● Work order: Set down every record exactly as it appears.

Stored data entries
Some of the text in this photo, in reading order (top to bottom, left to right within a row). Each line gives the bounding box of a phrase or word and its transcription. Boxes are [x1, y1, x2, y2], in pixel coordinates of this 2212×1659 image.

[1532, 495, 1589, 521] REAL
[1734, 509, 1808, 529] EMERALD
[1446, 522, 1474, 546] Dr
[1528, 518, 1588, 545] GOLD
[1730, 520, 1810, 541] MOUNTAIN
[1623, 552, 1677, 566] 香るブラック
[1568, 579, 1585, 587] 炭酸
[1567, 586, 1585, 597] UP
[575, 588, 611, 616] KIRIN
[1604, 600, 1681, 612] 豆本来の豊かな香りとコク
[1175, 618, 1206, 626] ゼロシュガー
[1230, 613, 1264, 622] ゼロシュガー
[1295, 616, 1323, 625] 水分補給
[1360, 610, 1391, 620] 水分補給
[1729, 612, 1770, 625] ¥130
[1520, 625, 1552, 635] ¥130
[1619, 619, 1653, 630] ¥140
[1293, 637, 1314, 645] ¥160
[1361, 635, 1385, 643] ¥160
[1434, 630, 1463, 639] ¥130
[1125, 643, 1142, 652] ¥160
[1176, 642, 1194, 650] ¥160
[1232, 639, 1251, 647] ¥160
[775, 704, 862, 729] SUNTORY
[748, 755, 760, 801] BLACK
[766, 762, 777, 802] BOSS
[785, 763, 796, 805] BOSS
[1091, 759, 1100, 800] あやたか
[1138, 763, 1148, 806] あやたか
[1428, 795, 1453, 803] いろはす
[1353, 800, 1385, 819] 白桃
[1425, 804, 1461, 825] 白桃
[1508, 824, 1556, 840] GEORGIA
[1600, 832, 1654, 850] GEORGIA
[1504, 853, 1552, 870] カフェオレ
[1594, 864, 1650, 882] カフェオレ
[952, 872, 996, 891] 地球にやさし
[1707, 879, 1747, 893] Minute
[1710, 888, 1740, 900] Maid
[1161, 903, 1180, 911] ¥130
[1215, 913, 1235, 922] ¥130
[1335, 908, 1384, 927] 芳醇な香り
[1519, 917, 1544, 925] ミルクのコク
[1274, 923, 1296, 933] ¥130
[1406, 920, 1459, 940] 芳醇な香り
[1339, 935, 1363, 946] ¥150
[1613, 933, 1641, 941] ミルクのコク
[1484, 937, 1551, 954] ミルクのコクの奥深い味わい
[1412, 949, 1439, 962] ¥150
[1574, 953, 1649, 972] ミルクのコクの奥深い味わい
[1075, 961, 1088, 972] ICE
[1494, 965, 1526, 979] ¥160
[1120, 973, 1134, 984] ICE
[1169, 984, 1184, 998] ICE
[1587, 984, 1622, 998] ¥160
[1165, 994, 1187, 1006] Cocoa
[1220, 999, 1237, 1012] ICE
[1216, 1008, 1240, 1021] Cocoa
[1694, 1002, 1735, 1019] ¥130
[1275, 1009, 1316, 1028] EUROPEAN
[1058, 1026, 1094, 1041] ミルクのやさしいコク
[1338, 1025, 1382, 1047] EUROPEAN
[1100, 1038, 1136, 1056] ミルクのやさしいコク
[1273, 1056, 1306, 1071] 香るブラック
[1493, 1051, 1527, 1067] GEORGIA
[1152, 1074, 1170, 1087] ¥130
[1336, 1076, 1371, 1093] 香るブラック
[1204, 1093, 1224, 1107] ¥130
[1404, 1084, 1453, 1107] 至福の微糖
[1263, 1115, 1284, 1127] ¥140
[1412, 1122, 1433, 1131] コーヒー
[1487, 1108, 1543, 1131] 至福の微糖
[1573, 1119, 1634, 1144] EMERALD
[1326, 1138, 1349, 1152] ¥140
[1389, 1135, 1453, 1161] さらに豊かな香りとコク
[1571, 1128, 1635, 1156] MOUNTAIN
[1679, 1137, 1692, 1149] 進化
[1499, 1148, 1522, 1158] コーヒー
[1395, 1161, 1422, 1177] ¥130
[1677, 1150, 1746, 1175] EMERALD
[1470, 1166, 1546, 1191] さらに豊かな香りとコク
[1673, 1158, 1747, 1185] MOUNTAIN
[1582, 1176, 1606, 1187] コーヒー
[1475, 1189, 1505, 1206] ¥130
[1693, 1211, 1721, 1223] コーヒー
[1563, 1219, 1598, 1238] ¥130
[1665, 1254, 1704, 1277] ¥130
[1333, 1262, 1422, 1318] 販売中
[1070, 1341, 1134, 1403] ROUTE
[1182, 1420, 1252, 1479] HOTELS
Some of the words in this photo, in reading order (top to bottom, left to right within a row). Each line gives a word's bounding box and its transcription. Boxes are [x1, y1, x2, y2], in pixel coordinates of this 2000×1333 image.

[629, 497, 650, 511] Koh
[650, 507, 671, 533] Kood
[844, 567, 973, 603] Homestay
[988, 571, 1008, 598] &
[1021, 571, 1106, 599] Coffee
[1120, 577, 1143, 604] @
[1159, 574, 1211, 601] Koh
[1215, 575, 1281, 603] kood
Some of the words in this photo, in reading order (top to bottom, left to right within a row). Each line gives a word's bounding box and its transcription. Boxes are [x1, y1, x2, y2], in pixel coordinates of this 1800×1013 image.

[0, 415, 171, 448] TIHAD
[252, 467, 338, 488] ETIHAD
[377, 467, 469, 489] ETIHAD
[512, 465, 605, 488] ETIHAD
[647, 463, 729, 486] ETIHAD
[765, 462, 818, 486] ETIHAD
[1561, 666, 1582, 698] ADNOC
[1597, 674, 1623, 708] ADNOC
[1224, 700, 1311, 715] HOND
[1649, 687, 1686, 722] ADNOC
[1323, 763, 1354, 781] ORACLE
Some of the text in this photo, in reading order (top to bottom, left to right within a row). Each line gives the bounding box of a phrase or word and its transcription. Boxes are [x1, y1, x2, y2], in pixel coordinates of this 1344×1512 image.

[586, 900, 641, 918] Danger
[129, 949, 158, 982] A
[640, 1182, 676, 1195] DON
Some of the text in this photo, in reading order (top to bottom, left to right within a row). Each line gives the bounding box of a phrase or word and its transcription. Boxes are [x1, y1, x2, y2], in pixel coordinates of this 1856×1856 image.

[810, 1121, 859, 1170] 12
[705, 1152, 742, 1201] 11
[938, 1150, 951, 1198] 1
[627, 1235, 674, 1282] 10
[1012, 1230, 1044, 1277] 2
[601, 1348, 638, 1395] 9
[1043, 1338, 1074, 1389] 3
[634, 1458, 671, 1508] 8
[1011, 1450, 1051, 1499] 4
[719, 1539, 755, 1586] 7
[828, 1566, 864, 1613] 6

● Result below:
Some of the text in this photo, in reading order (top to bottom, left to right within a row). Each line gives the bounding box of a phrase or word and its transcription. Boxes are [x1, y1, x2, y2], in pixel coordinates of this 2212×1659 image.

[1532, 495, 1589, 521] REAL
[1734, 509, 1808, 529] EMERALD
[1446, 522, 1474, 546] Dr
[1528, 518, 1588, 545] GOLD
[1730, 520, 1810, 541] MOUNTAIN
[1623, 552, 1677, 566] 香るブラック
[1568, 579, 1585, 587] 炭酸
[1567, 586, 1585, 597] UP
[575, 588, 611, 616] KIRIN
[1604, 600, 1681, 612] 豆本来の豊かな香りとコク
[1175, 618, 1206, 626] ゼロシュガー
[1230, 613, 1264, 622] ゼロシュガー
[1295, 616, 1323, 625] 水分補給
[1360, 610, 1391, 620] 水分補給
[1729, 612, 1770, 625] ¥130
[1520, 625, 1552, 635] ¥130
[1619, 619, 1653, 630] ¥140
[1293, 637, 1314, 645] ¥160
[1361, 635, 1385, 643] ¥160
[1434, 630, 1463, 639] ¥130
[1125, 643, 1142, 652] ¥160
[1176, 642, 1194, 650] ¥160
[1232, 639, 1251, 647] ¥160
[775, 704, 862, 729] SUNTORY
[748, 755, 760, 801] BLACK
[766, 762, 777, 802] BOSS
[785, 763, 796, 805] BOSS
[1091, 759, 1100, 800] あやたか
[1138, 763, 1148, 806] あやたか
[1428, 795, 1453, 803] いろはす
[1353, 800, 1385, 819] 白桃
[1425, 804, 1461, 825] 白桃
[1508, 824, 1556, 840] GEORGIA
[1600, 832, 1654, 850] GEORGIA
[1504, 853, 1552, 870] カフェオレ
[1594, 864, 1650, 882] カフェオレ
[952, 872, 996, 891] 地球にやさし
[1707, 879, 1747, 893] Minute
[1710, 888, 1740, 900] Maid
[1161, 903, 1180, 911] ¥130
[1215, 913, 1235, 922] ¥130
[1335, 908, 1384, 927] 芳醇な香り
[1519, 917, 1544, 925] ミルクのコク
[1274, 923, 1296, 933] ¥130
[1406, 920, 1459, 940] 芳醇な香り
[1339, 935, 1363, 946] ¥150
[1613, 933, 1641, 941] ミルクのコク
[1484, 937, 1551, 954] ミルクのコクの奥深い味わい
[1412, 949, 1439, 962] ¥150
[1574, 953, 1649, 972] ミルクのコクの奥深い味わい
[1075, 961, 1088, 972] ICE
[1494, 965, 1526, 979] ¥160
[1120, 973, 1134, 984] ICE
[1169, 984, 1184, 998] ICE
[1587, 984, 1622, 998] ¥160
[1165, 994, 1187, 1006] Cocoa
[1220, 999, 1237, 1012] ICE
[1216, 1008, 1240, 1021] Cocoa
[1694, 1002, 1735, 1019] ¥130
[1275, 1009, 1316, 1028] EUROPEAN
[1058, 1026, 1094, 1041] ミルクのやさしいコク
[1338, 1025, 1382, 1047] EUROPEAN
[1100, 1038, 1136, 1056] ミルクのやさしいコク
[1273, 1056, 1306, 1071] 香るブラック
[1493, 1051, 1527, 1067] GEORGIA
[1152, 1074, 1170, 1087] ¥130
[1336, 1076, 1371, 1093] 香るブラック
[1204, 1093, 1224, 1107] ¥130
[1404, 1084, 1453, 1107] 至福の微糖
[1263, 1115, 1284, 1127] ¥140
[1412, 1122, 1433, 1131] コーヒー
[1487, 1108, 1543, 1131] 至福の微糖
[1573, 1119, 1634, 1144] EMERALD
[1326, 1138, 1349, 1152] ¥140
[1389, 1135, 1453, 1161] さらに豊かな香りとコク
[1571, 1128, 1635, 1156] MOUNTAIN
[1679, 1137, 1692, 1149] 進化
[1499, 1148, 1522, 1158] コーヒー
[1395, 1161, 1422, 1177] ¥130
[1677, 1150, 1746, 1175] EMERALD
[1470, 1166, 1546, 1191] さらに豊かな香りとコク
[1673, 1158, 1747, 1185] MOUNTAIN
[1582, 1176, 1606, 1187] コーヒー
[1475, 1189, 1505, 1206] ¥130
[1693, 1211, 1721, 1223] コーヒー
[1563, 1219, 1598, 1238] ¥130
[1665, 1254, 1704, 1277] ¥130
[1333, 1262, 1422, 1318] 販売中
[1070, 1341, 1134, 1403] ROUTE
[1182, 1420, 1252, 1479] HOTELS
Some of the words in this photo, in reading order (top to bottom, left to right within a row). Each line gives a word's bounding box and its transcription. Boxes are [x1, y1, x2, y2], in pixel coordinates of this 2000×1333 image.

[629, 497, 650, 511] Koh
[650, 507, 671, 533] Kood
[844, 567, 973, 603] Homestay
[988, 571, 1008, 598] &
[1021, 571, 1106, 599] Coffee
[1120, 577, 1143, 604] @
[1159, 574, 1211, 601] Koh
[1215, 575, 1281, 603] kood
Some of the words in this photo, in reading order (top to bottom, left to right within a row). Each line gives a word's bounding box and its transcription. Boxes are [x1, y1, x2, y2], in pixel coordinates of this 1800×1013 image.

[0, 415, 171, 448] TIHAD
[252, 467, 338, 488] ETIHAD
[377, 467, 469, 489] ETIHAD
[512, 465, 605, 488] ETIHAD
[647, 463, 729, 486] ETIHAD
[765, 462, 818, 486] ETIHAD
[1561, 666, 1582, 698] ADNOC
[1597, 674, 1623, 708] ADNOC
[1224, 700, 1311, 715] HOND
[1649, 687, 1686, 722] ADNOC
[1323, 763, 1354, 781] ORACLE
Some of the text in this photo, in reading order (top to bottom, left to right within a row). Each line gives the bounding box of a phrase or word and its transcription. Boxes are [x1, y1, x2, y2], in pixel coordinates of this 1344×1512 image.

[586, 900, 641, 918] Danger
[129, 949, 158, 982] A
[640, 1182, 676, 1195] DON
Some of the text in this photo, in reading order (top to bottom, left to right within a row). Each line gives the bounding box of a phrase or word and its transcription. Boxes are [x1, y1, x2, y2], in pixel coordinates of this 1856×1856 image.

[810, 1121, 859, 1170] 12
[705, 1152, 742, 1201] 11
[938, 1150, 951, 1198] 1
[627, 1235, 674, 1282] 10
[1012, 1230, 1044, 1277] 2
[601, 1348, 638, 1395] 9
[1043, 1338, 1074, 1389] 3
[634, 1458, 671, 1508] 8
[1011, 1450, 1051, 1499] 4
[719, 1539, 755, 1586] 7
[828, 1566, 864, 1613] 6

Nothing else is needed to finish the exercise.